With the possibility of a diplomatic breakthrough looming, hostilities raged as Israel dramatically ramped up its campaign of air strikes in Beirut and other parts of Lebanon.
A Hezbollah parliament member in Lebanon, Hassan Fadlallah, told the Reuters news agency that the country faced “dangerous, sensitive hours” during the wait for a possible ceasefire agreement to be announced.
Elias Bou Saab, Lebanon’s deputy parliament speaker, said that the ceasefire has been approved in Beirut after Hezbollah endorsed its ally Parliament Speaker Nabih Berri to negotiate.
‘Hezbollah will remain active’
Implementation of the UN Security Council Resolution 1701, which ended the last large war between Hezbollah and Israel in 2006, has been a major element in ceasefire talks. It requires Iran-aligned Hezbollah to pull back about 30km (18.6 miles) from the Israeli border, behind the Litani River.

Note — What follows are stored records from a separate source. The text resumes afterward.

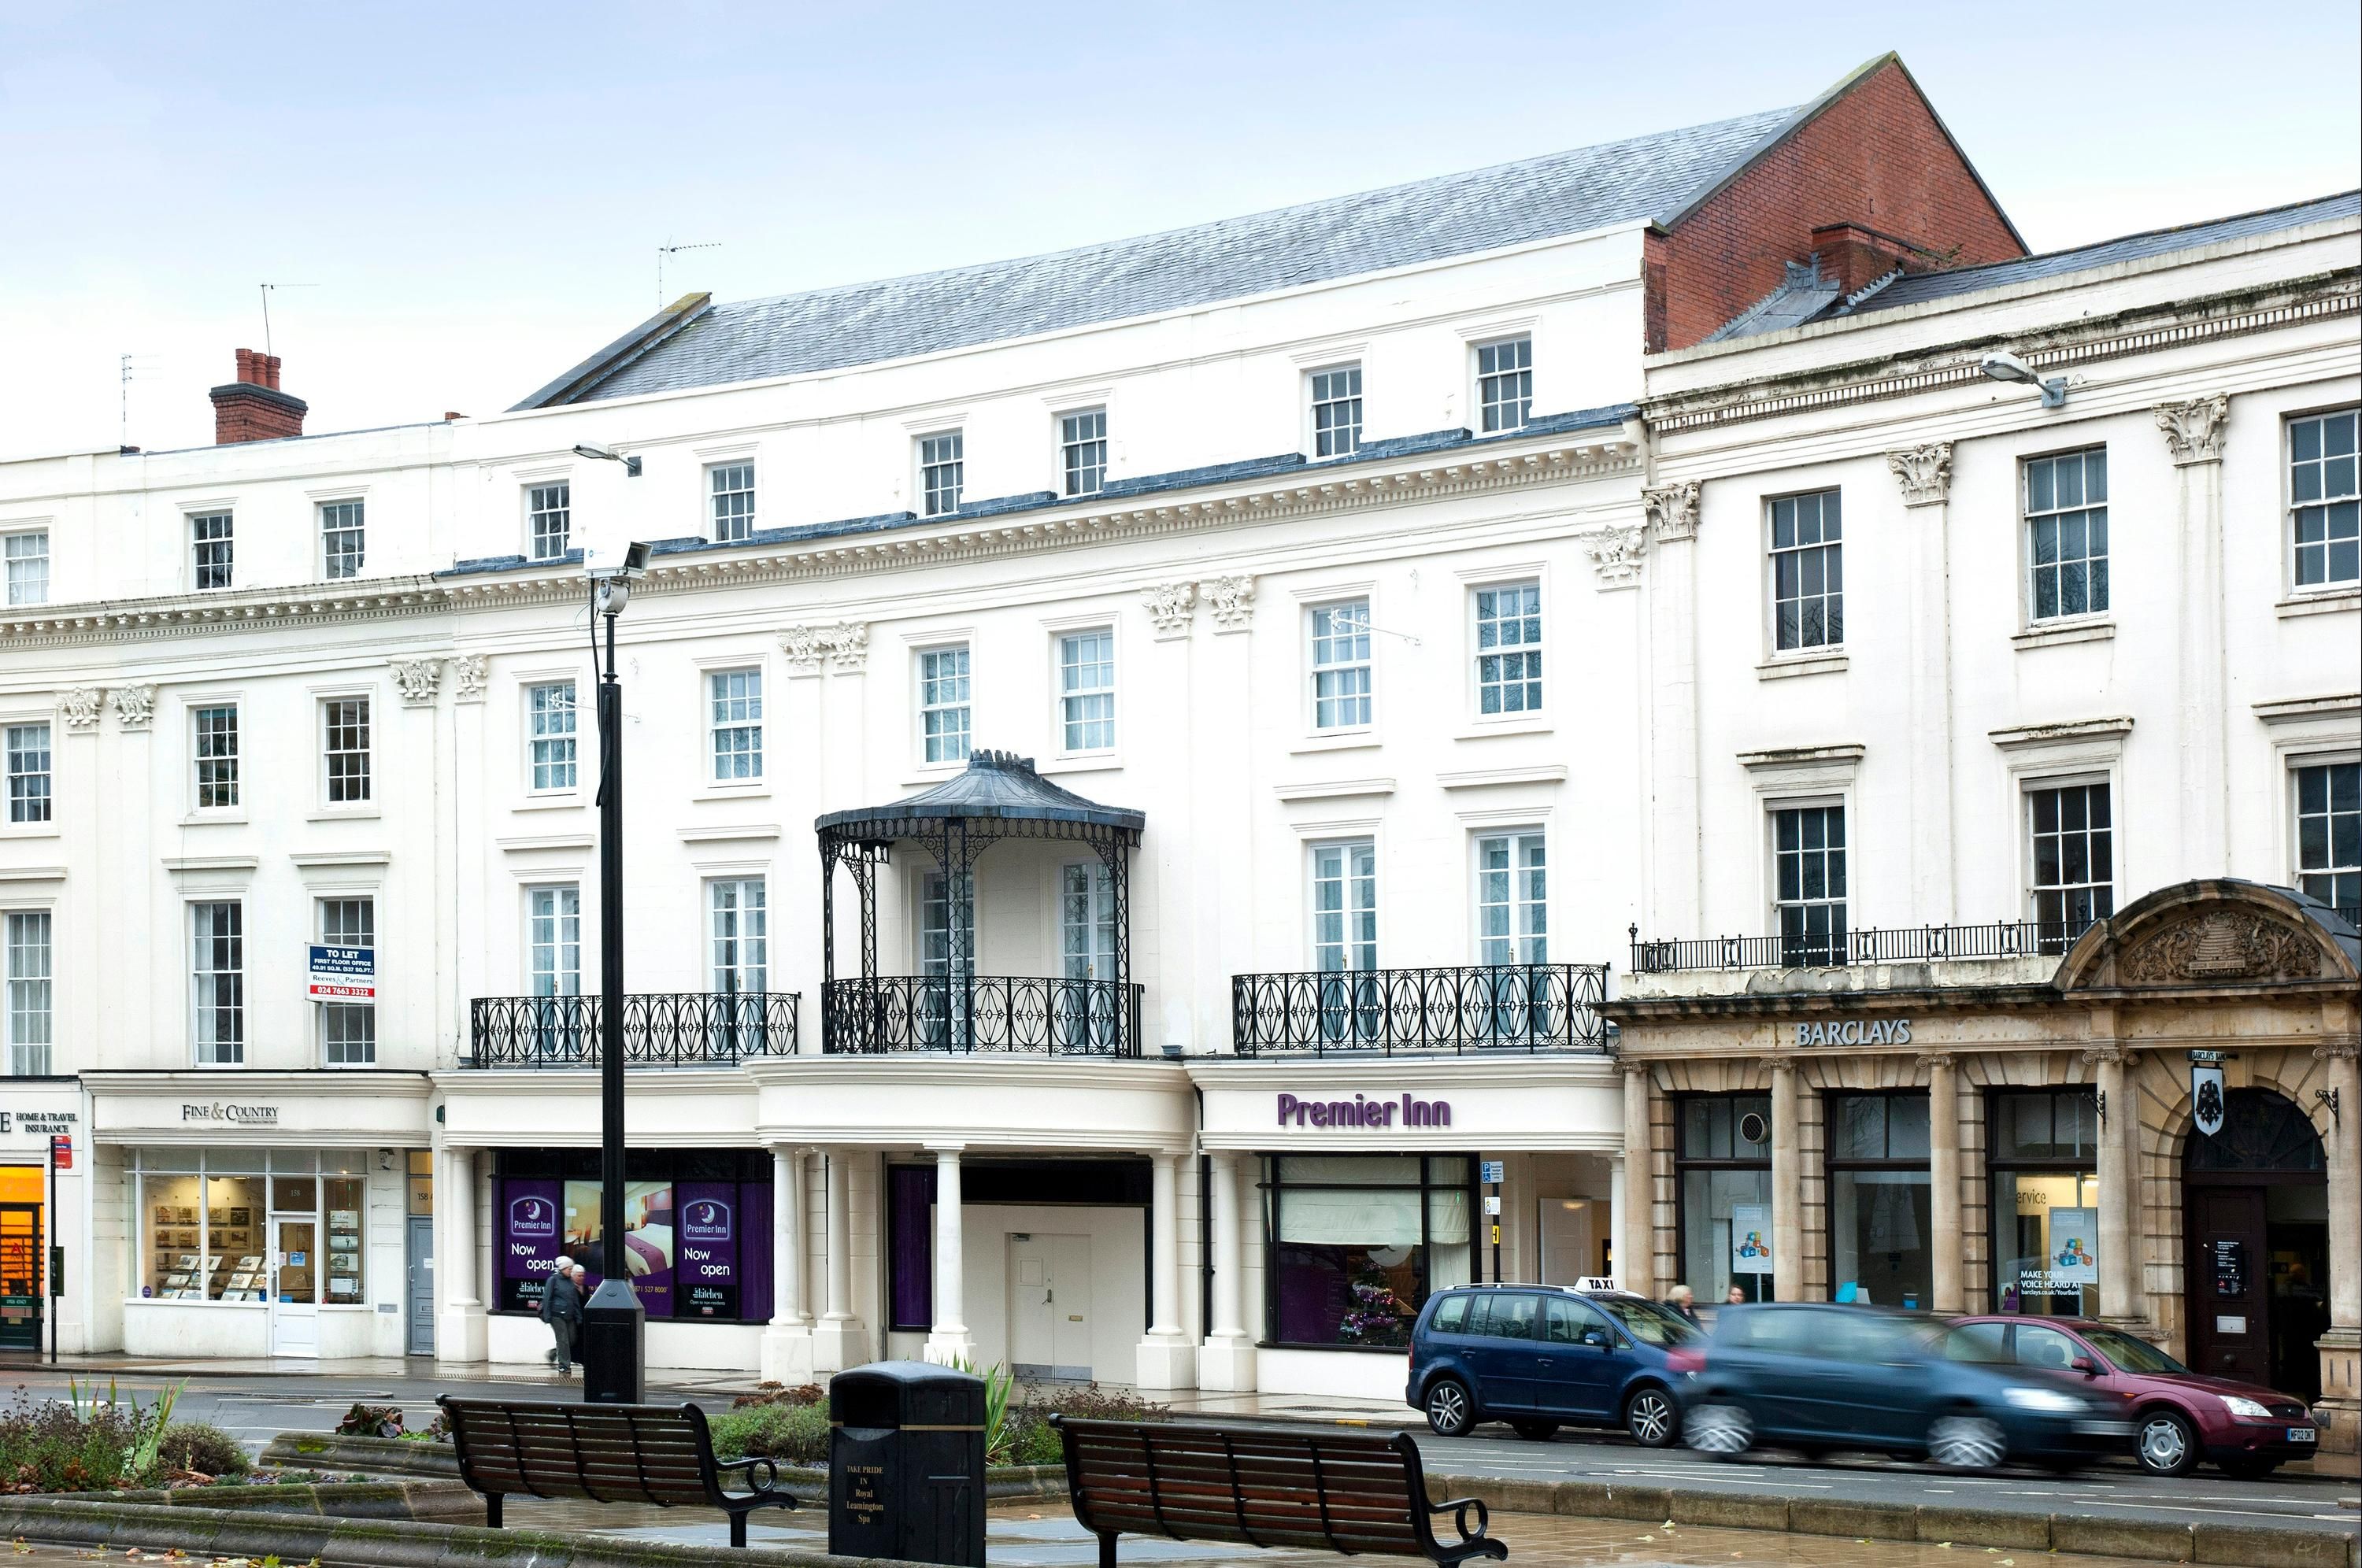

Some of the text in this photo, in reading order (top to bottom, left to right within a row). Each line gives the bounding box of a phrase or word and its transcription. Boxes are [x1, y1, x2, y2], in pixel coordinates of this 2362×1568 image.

[327, 949, 360, 960] TO LET
[1796, 1019, 1911, 1046] BARCLAYS
[183, 1101, 279, 1121] FINE & COUNTRY
[1277, 1093, 1451, 1126] Premier Inn
[16, 1112, 78, 1122] HOME & TRAVEL
[25, 1124, 68, 1133] INSURANCE
[2016, 1189, 2046, 1204] ervice
[514, 1220, 551, 1230] Premier Inn
[687, 1224, 727, 1233] Premier Inn
[512, 1243, 536, 1256] Now
[684, 1247, 710, 1260] Now
[527, 1259, 554, 1272] open
[700, 1264, 730, 1278] open
[2043, 1270, 2064, 1279] YOUR
[524, 1281, 545, 1292] kitche
[1588, 1279, 1614, 1290] TAXI
[846, 1465, 884, 1474] TAKE PRIDE
[855, 1488, 873, 1499] Royal
[846, 1501, 884, 1512] Leamington
[858, 1514, 871, 1525] Spa

A ceasefire could potentially see the Israeli military withdraw from south Lebanon within 60 days and the Lebanese army would then deploy in the border region, from where Hezbollah has launched most of its air attacks on northern Israel.
A five-country committee, including France and chaired by the US, would ensure compliance with the ceasefire.

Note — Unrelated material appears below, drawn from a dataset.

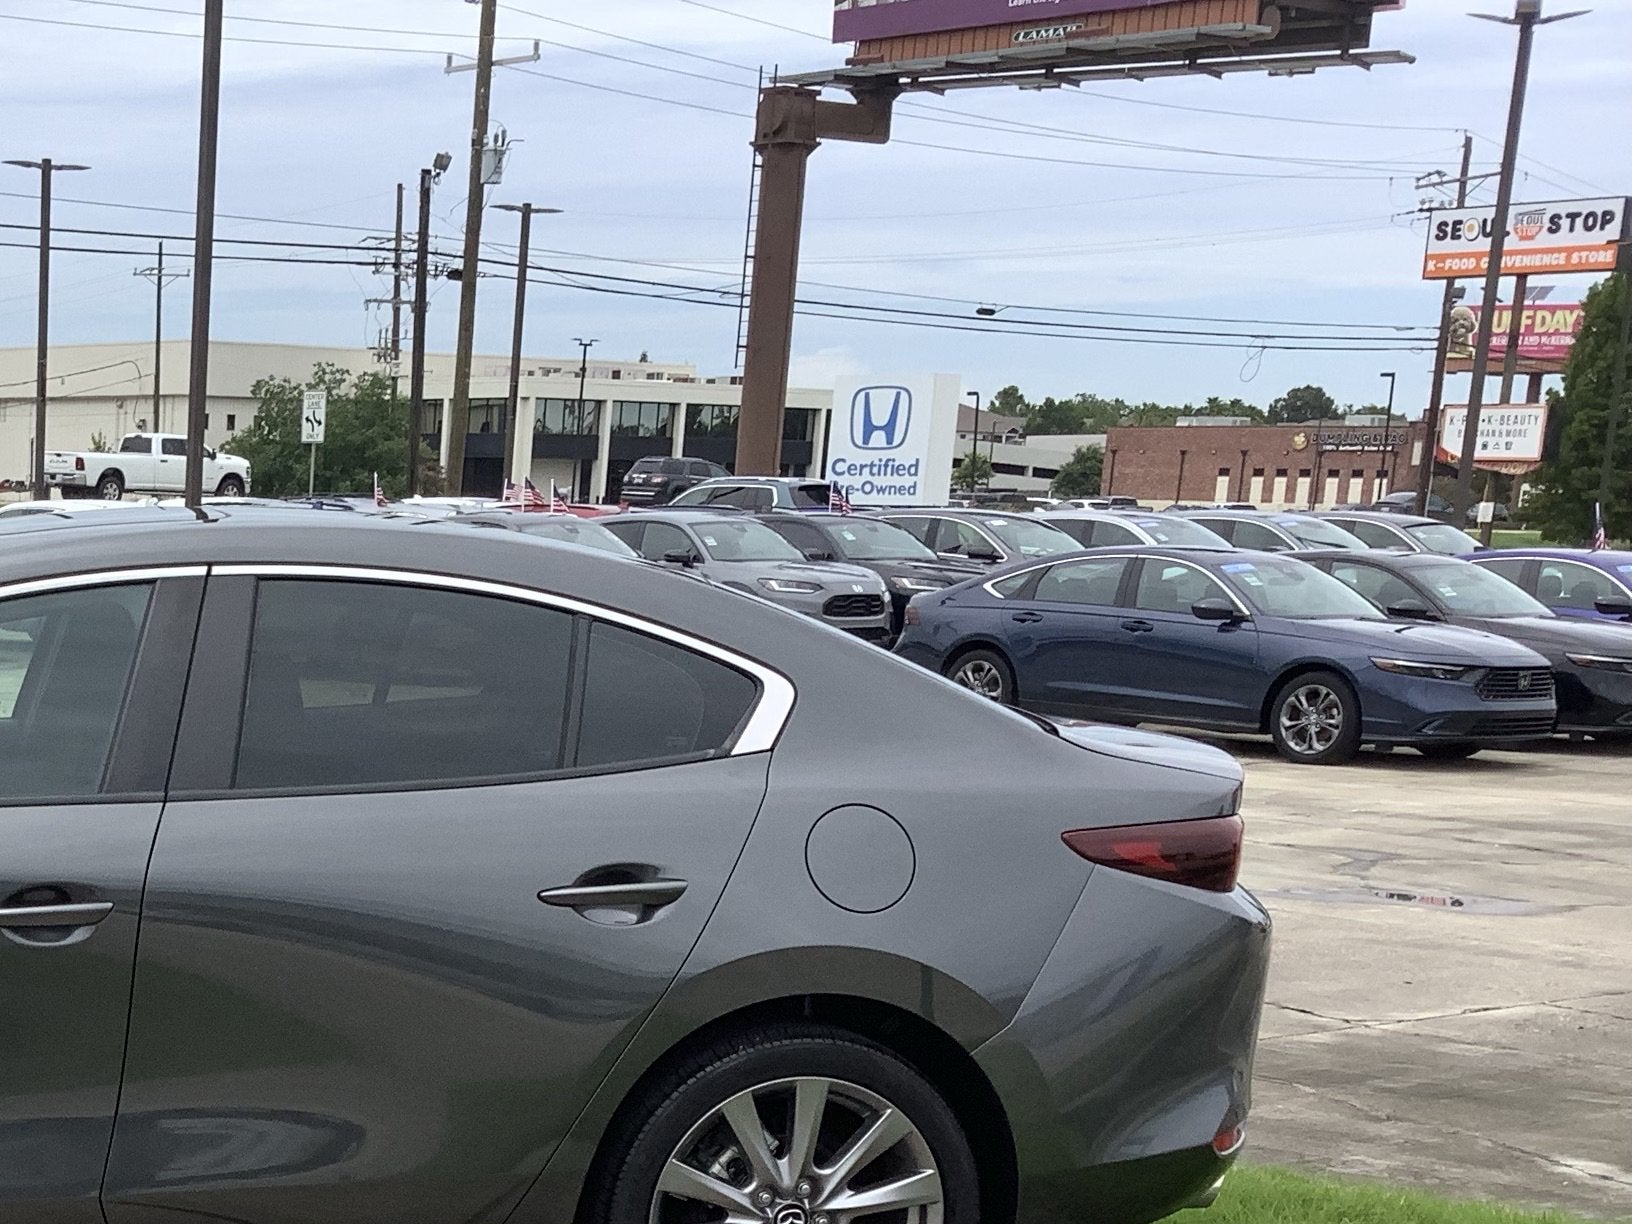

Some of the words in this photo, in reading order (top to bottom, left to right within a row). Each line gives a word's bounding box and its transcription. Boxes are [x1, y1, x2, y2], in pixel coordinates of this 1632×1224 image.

However, Israel’s far-right National Security Minister Itamar Ben-Gvir warned on X that a ceasefire deal would be a “historic missed opportunity to eradicate Hezbollah”.
Ben-Gvir and other hardliners have previously threatened to bring down the government if it agrees to a truce deal with Hamas in the Gaza Strip or Hezbollah in Lebanon.
Hostilities continue
Earlier on Tuesday, Israel ramped up its bombardment on Lebanon, with Israeli warplanes pounding Beirut’s southern suburbs.
The Israeli military said one barrage of strikes had hit 20 targets in the city in just 120 seconds.
Seven people were killed and 37 others wounded in Israeli attacks on a Beirut building housing displaced people, the National News Agency reported, citing Lebanon’s Ministry of Public Health.
“The Israeli strike on the Nweiri area in Beirut destroyed a four-storey building housing displaced people,” Lebanon’s official news agency said.
Lebanon’s Health Ministry said earlier Israeli strikes killed at least 31 people on Monday, mostly in the south of the country.
Reporting from Beirut, Al Jazeera’s Zein Basravi said there was still hope among the Lebanese that “all of this escalation will follow the pattern of past conflicts between Israel and forces in Lebanon – an uptick in violence followed by a cessation”.
The war in Lebanon followed nearly a year of limited cross-border exchanges of fire initiated by Hezbollah, which said it was acting in solidarity with Palestinians in Gaza after Israel launched its assault there in October 2023.
Lebanon says at least 3,768 people have been killed in the country since October 2023, most of them in the past two months.
On the Israeli side, the Lebanon hostilities have killed at least 82 soldiers and 47 civilians, authorities say.
The ceasefire is expected to pave the way for tens of thousands of displaced Israelis to return to homes in the north, but Tel Aviv-based political commentator Ori Goldberg told Al Jazeera that they are “unlikely to feel safe” to do so.
“They have become absolutely convinced that the only way they can go home is if Hezbollah is destroyed” because that is the message the government has “instilled in them”, he said.